1Pitt & Sherry Operations Pty Ltd, Hobart, Australia
Many will be familiar with natures abstract paintings generated by the formation of Liesegang rings.
The often spectacular features illustrated in vibrant yellows, oranges and browns cross cutting the bedded fabric of the strata are a feature of the Tasmanian landscape in many areas, particularly, but not exclusively, in outcrops of the Ross Sandstone. Those near the former settlement of Darlington on Maria Island, the Painted Cliffs, are a frequent feature in tourism brochures, with good reason.
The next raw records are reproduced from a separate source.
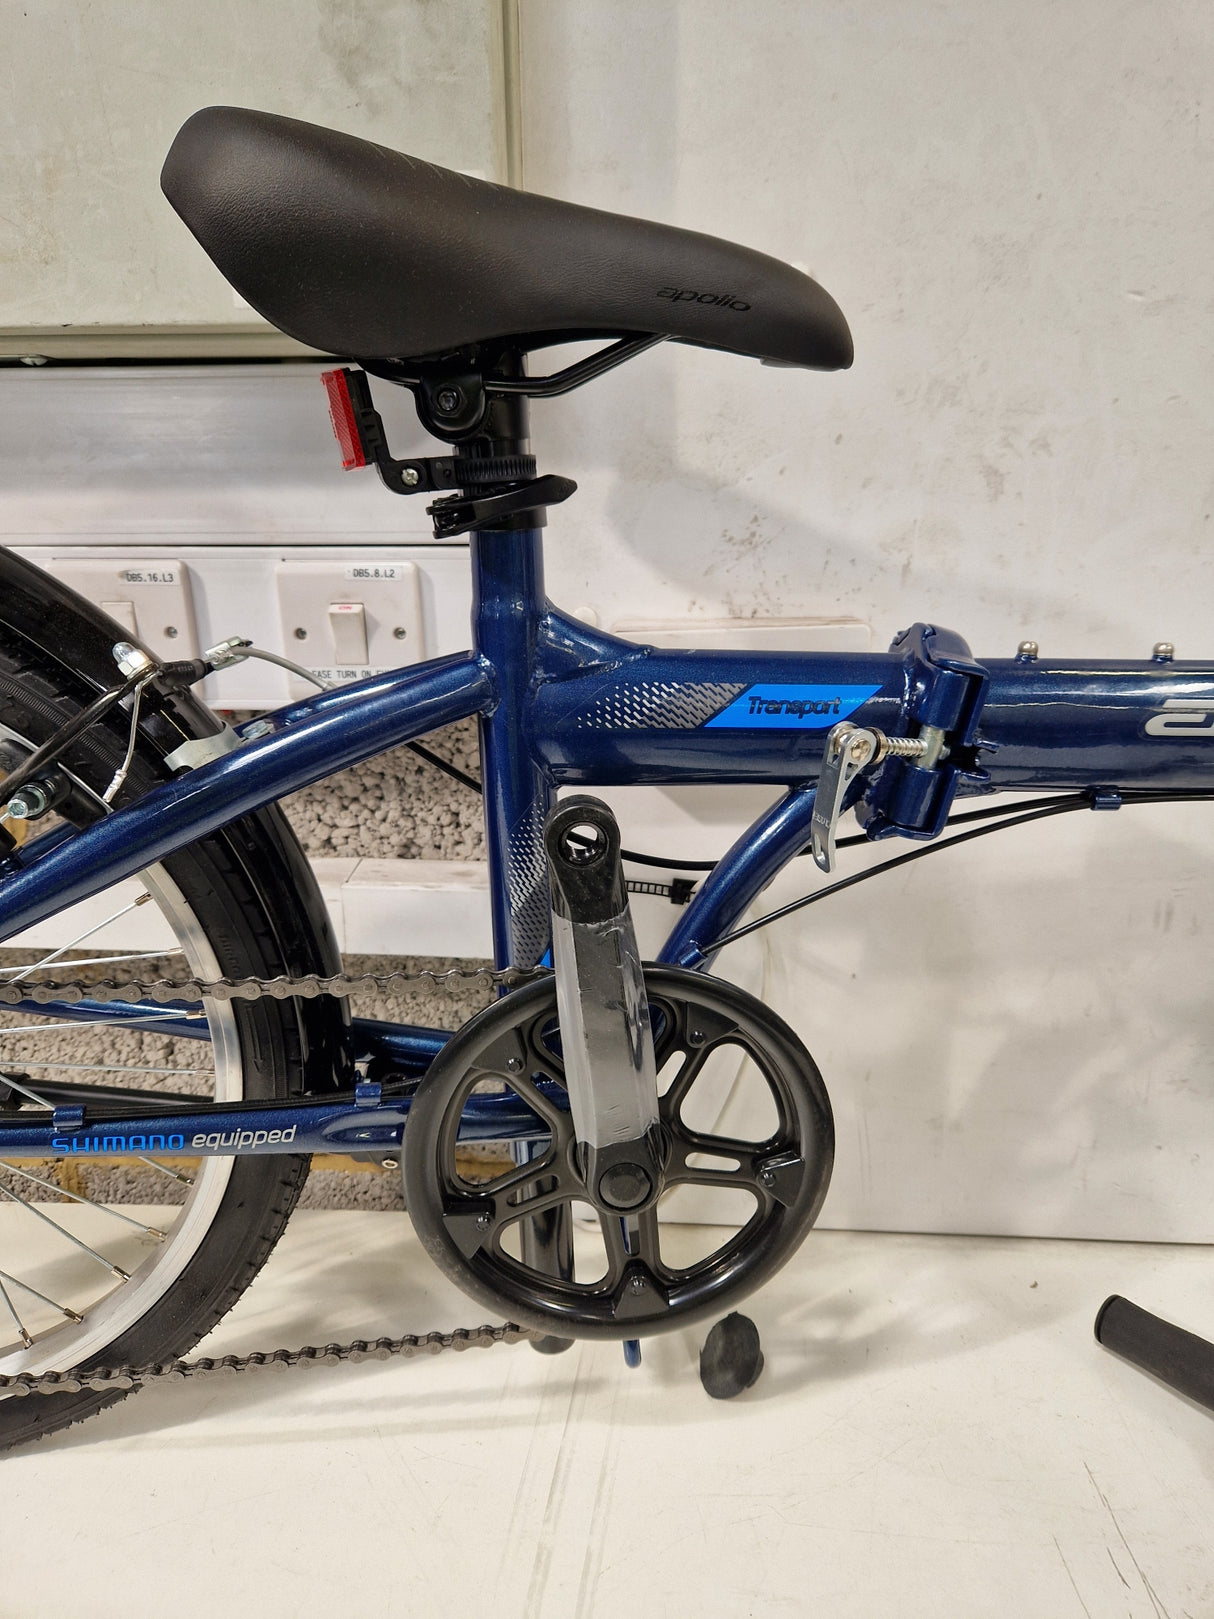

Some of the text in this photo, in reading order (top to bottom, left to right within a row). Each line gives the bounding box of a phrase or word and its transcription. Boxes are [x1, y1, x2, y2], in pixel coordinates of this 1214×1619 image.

[656, 287, 751, 311] apollo
[353, 568, 395, 578] DB5.8.L2
[337, 670, 357, 679] TURN
[361, 670, 372, 679] ON
[748, 696, 841, 719] Transport
[52, 1125, 297, 1153] SHIMANO equipped
The railway tunnel at Rhyndaston, 45 km due north of Hobart passes a distance of 943 m through the same strata as that hosting the Painted Cliffs; the Liesegang rings and other solution features displayed in the largely unlined tunnel are no less spectacular. However, they have also played a role in preserving the structural integrity of the civil asset.
The Rhyndaston Tunnel was originally excavated in the 1870’s when the Main Line between Hobart and Launceston was established. A small tunnel, it was inadequate to meet the late 1950’s watershed development in global freight that was heralded by the creation of the standard shipping container. Consequently, the tunnel was enlarged in 1964/65 using a tunnel boring machine (TBM). That TBM was the first to have been used in Australia, boring the tailrace and sections of the headrace tunnels for the Poatina Power Station development over the previous three years. Rhyndaston became the third bored tunnel in Australia by several years.
The profile of the tunnel is circular affording a clear opportunity to monitor dilapidation of the exposed rockmass. At an elevation of 400 m A.S.L. the environment in the tunnel is often cold and the air moving through it is frequently moist. The rockmass presents in three facies; a competent coarse grained yellow-brown sandstone displaying strong current bedding, a white silty sandstone usually displaying laminar bedding, and occasional thin micaceous shale bands. The yellow-brown sandstone which is the dominant facies, shows little sign of dilapidation, with the radial marks of the TBM cutters still clearly visible after 56 years. The TBM head was 4.93 m diameter and the average tunnel diameter in the yellow-brown sandstone is less the 4.95 m. Much of the 20 mm difference is due to the gauge of the TBM cutters. However, in the white silty sandstone, the tunnel diameter is as much as 5.01 m, some 60 mm more. In comparison to tunnels in similar sandstones in Sydney where erosion rates of <2 mm/yr have been recorded, the effective erosion rate of ~0.5-0.9 mm/yr is favourable. However, Liesegang rings within that sandstone are no more eroded than the yellow-brown sandstone and the TBM cutter marks remain clearly visible. It is posited that the Liesegang rings are serving to protect the silty white sandstone from greater erosion than might otherwise have been the case.
The shale bands, which are confined within the yellow-brown sandstone are of insignificant dimension, and while they are prone to severe slaking, they do not pose a significant threat to tunnel integrity.
 Stack, B, 1982. Handbook of Mining and Tunnelling Machinery, 742 p., John Wylie & Sons: Chichester.
 Nash, T, Bertuzzi, R and de Ambrosis, A, 2019. Deterioration of sandstones and shales in Sydney tunnels, in Proceedings of the 13th Australia New Zealand Conference on Geomechanics, pp. 877-882, Australian Geomechanics Society: Sydney.
Originally graduating as a geologist at UTAS in the early 1980’s, Peter undertook further studies in rock mechanics and Commenced transitioning to mining geomechanics over the following 10-15 years. He now consults in the field geomechanics after a 30 year career in underground mines in Tasmania and Papua New Guinea.